Bref, lastfm se voyait accuser de pactiser avec le diable. TechCrunch s’attirait les réponses courroucées des responsables de last.fm [lire par exemple : Techcrunch are full of shit]. En fait, explique Alex Payne, TechCrunch est considérée comme « l’une des voix les plus entendues dans le domaine de reportage sur les technologies », alors que ce site peut difficilement être compté comme « journalistique » ou « de presse » par « aucun mode de définition raisonnable ». Pour lui, « c’est un tabloïd maquillé en journal ».
– le deuxième porte sur un article de John Markoff, un journaliste expérimenté qui couvre pour le New York Times la Silicon Valley. Dans Do We Need a New Internet? [Avons-nous besoin d’un nouvel Internet?], il centrait son propos sur les failles de sécurité de l’actuel réseau et sur une recherche entamée à l’Université de Stanford, baptisé Clean Slate, et qui devrait déboucher sur un Internet plus fiable.
Problème, explique Alex Payne: « Les derniers paragraphes ne sont rien d’autre qu’une spéculation de la part de l’auteur, sans même que celle-ci porte particulièrement sur les objectifs visés par le projet Clean Slate. À part des considérations générales sur les questions de sécurité, il n’y a rien de pertinent ».

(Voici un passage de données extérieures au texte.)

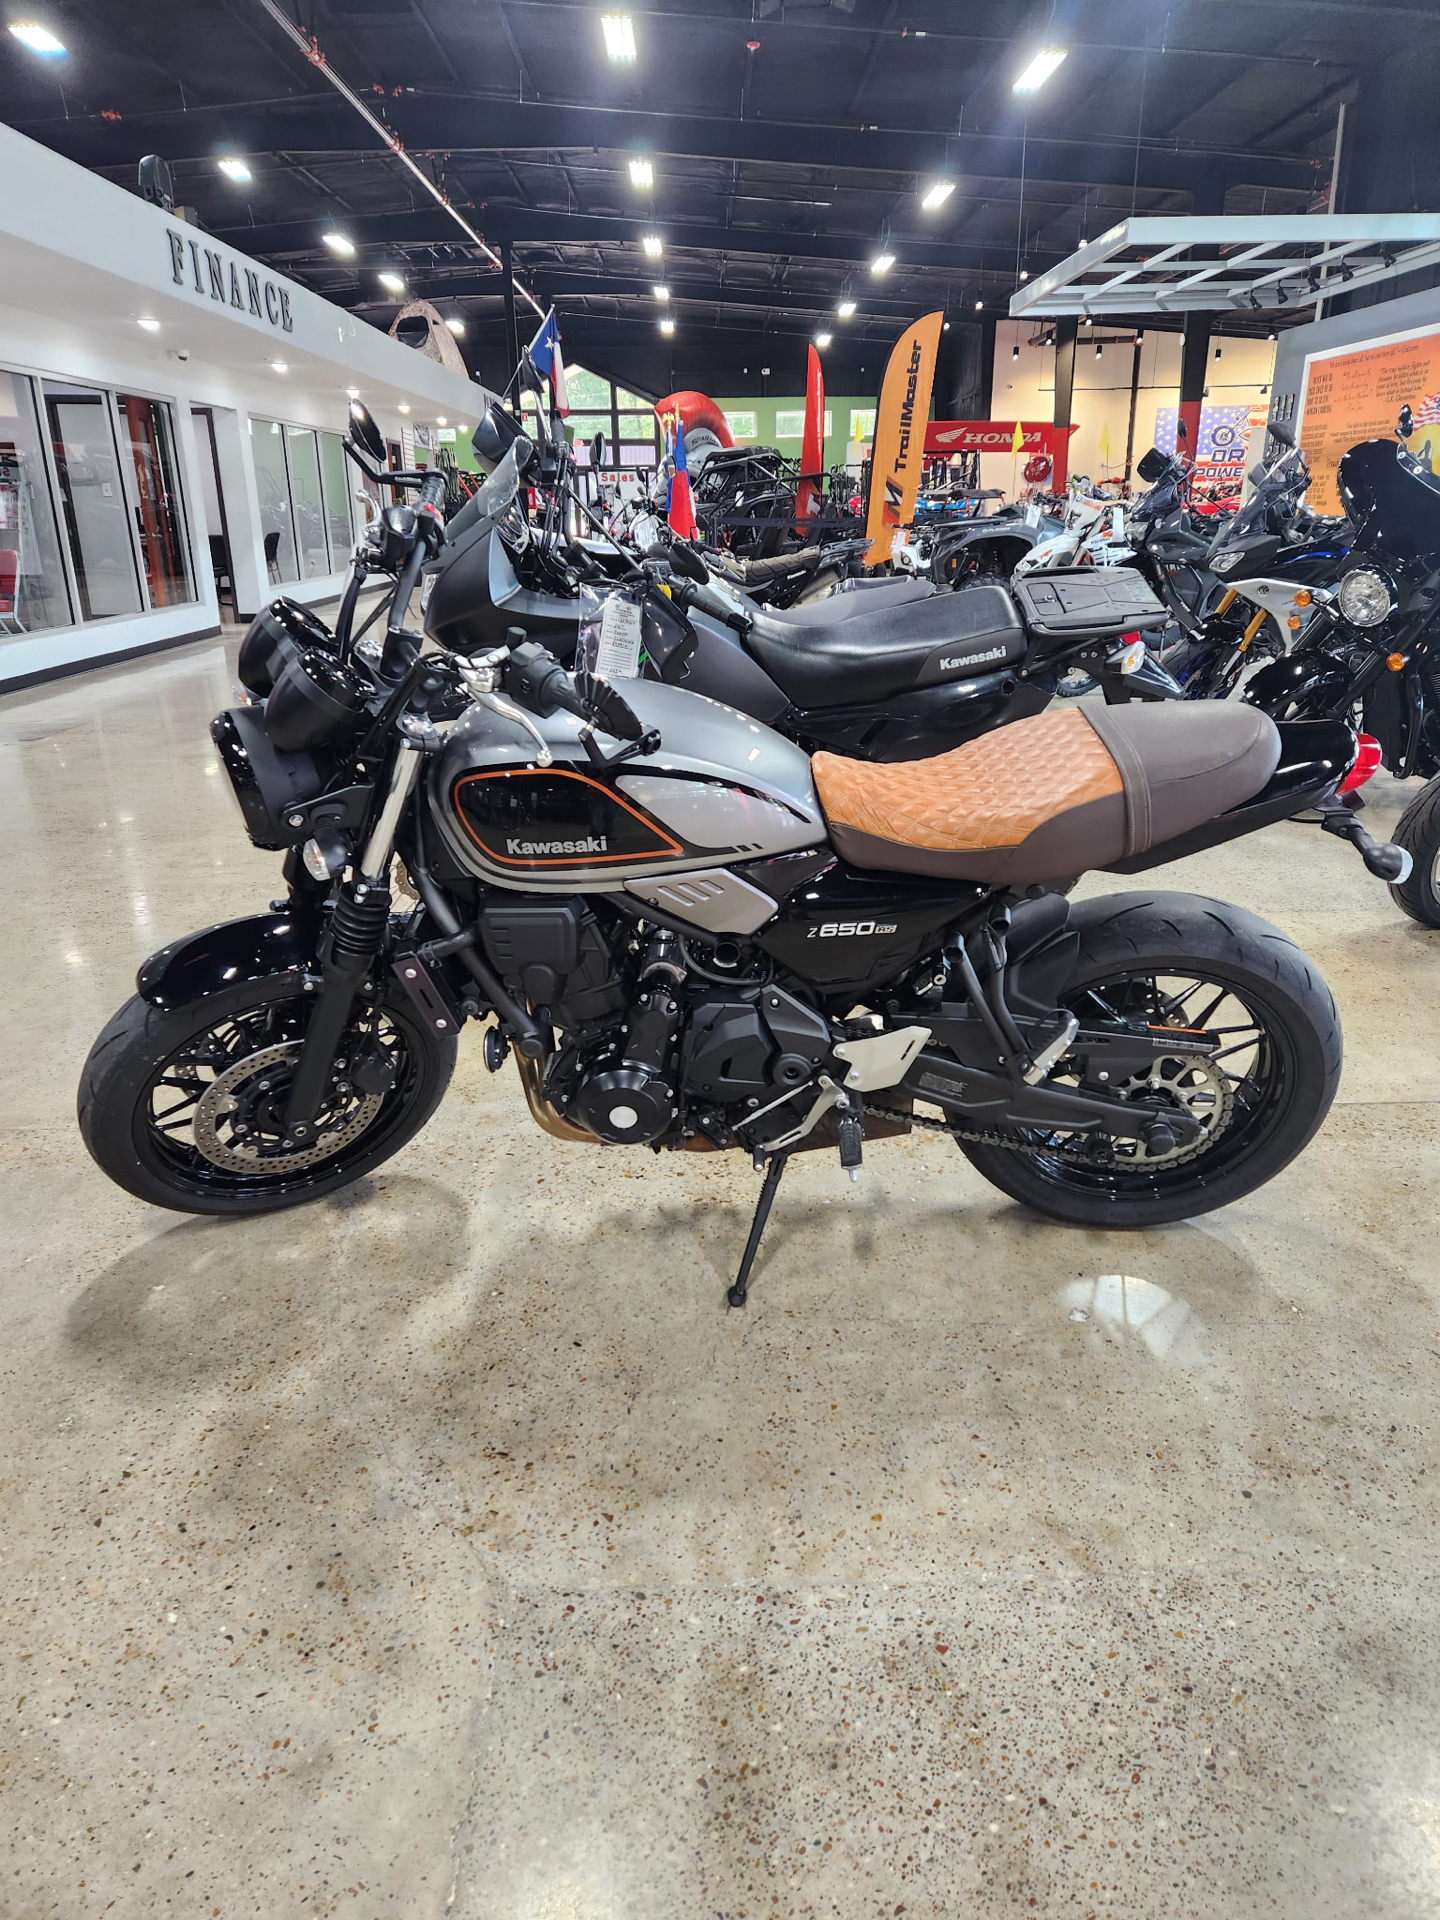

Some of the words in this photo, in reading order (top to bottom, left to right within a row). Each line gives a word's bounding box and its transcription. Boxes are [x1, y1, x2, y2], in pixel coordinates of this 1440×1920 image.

« Un journaliste ne peut pas se contenter de ficeler ensemble des citations »
Il faut dire qu’Alex Payne place la barre de la spécialisation [en matière de technologie] très haut. Outre le fait que la plupart des journalistes qui traitent de ces questions ne soient pas ingénieurs, il regrette aussi qu’ils « n’aient jamais construit quelque chose de semblable à ce dont ils parlent ». Quant à ceux qui sont ingénieurs, « ils n’ont pas écrit une ligne de code ou soudé un circuit depuis des années ».
Or, estime-t-il, un journaliste ne peut pas se contenter de s’adresser à des sources, il « ne peut tout simplement pas ficeler ensemble des citations de PhD ou de CTO [Chief technical Officer] et espérer ensuite se retrouver avec quelque chose de cohérent, précis et informatif pour un lecteur non-technicien. »
Les 3 solutions d’Alex Payne pour un journalisme sur les technologies de qualité
Mais Alex Payne prend aussi sa part du problème lorsqu’il ajoute que cette question « est aussi de notre responsabilité » tant comme communauté de chercheurs et d’ingénieurs qu’en tant qu’industrie.
Pour résoudre le problème il propose 3 solutions :
– améliorer l’enseignement du journalisme sur les technologies dans les universités et les écoles.
– les techniciens et les ingénieurs pourraient eux-mêmes faire du journalisme, profitant des 20% de temps que leur alloue les entreprises de high tech, pour développer des projets alternatifs ou open source.
– faire du journalisme « technologie » une forme de journalisme attractif, notamment sur le plan de la carrière.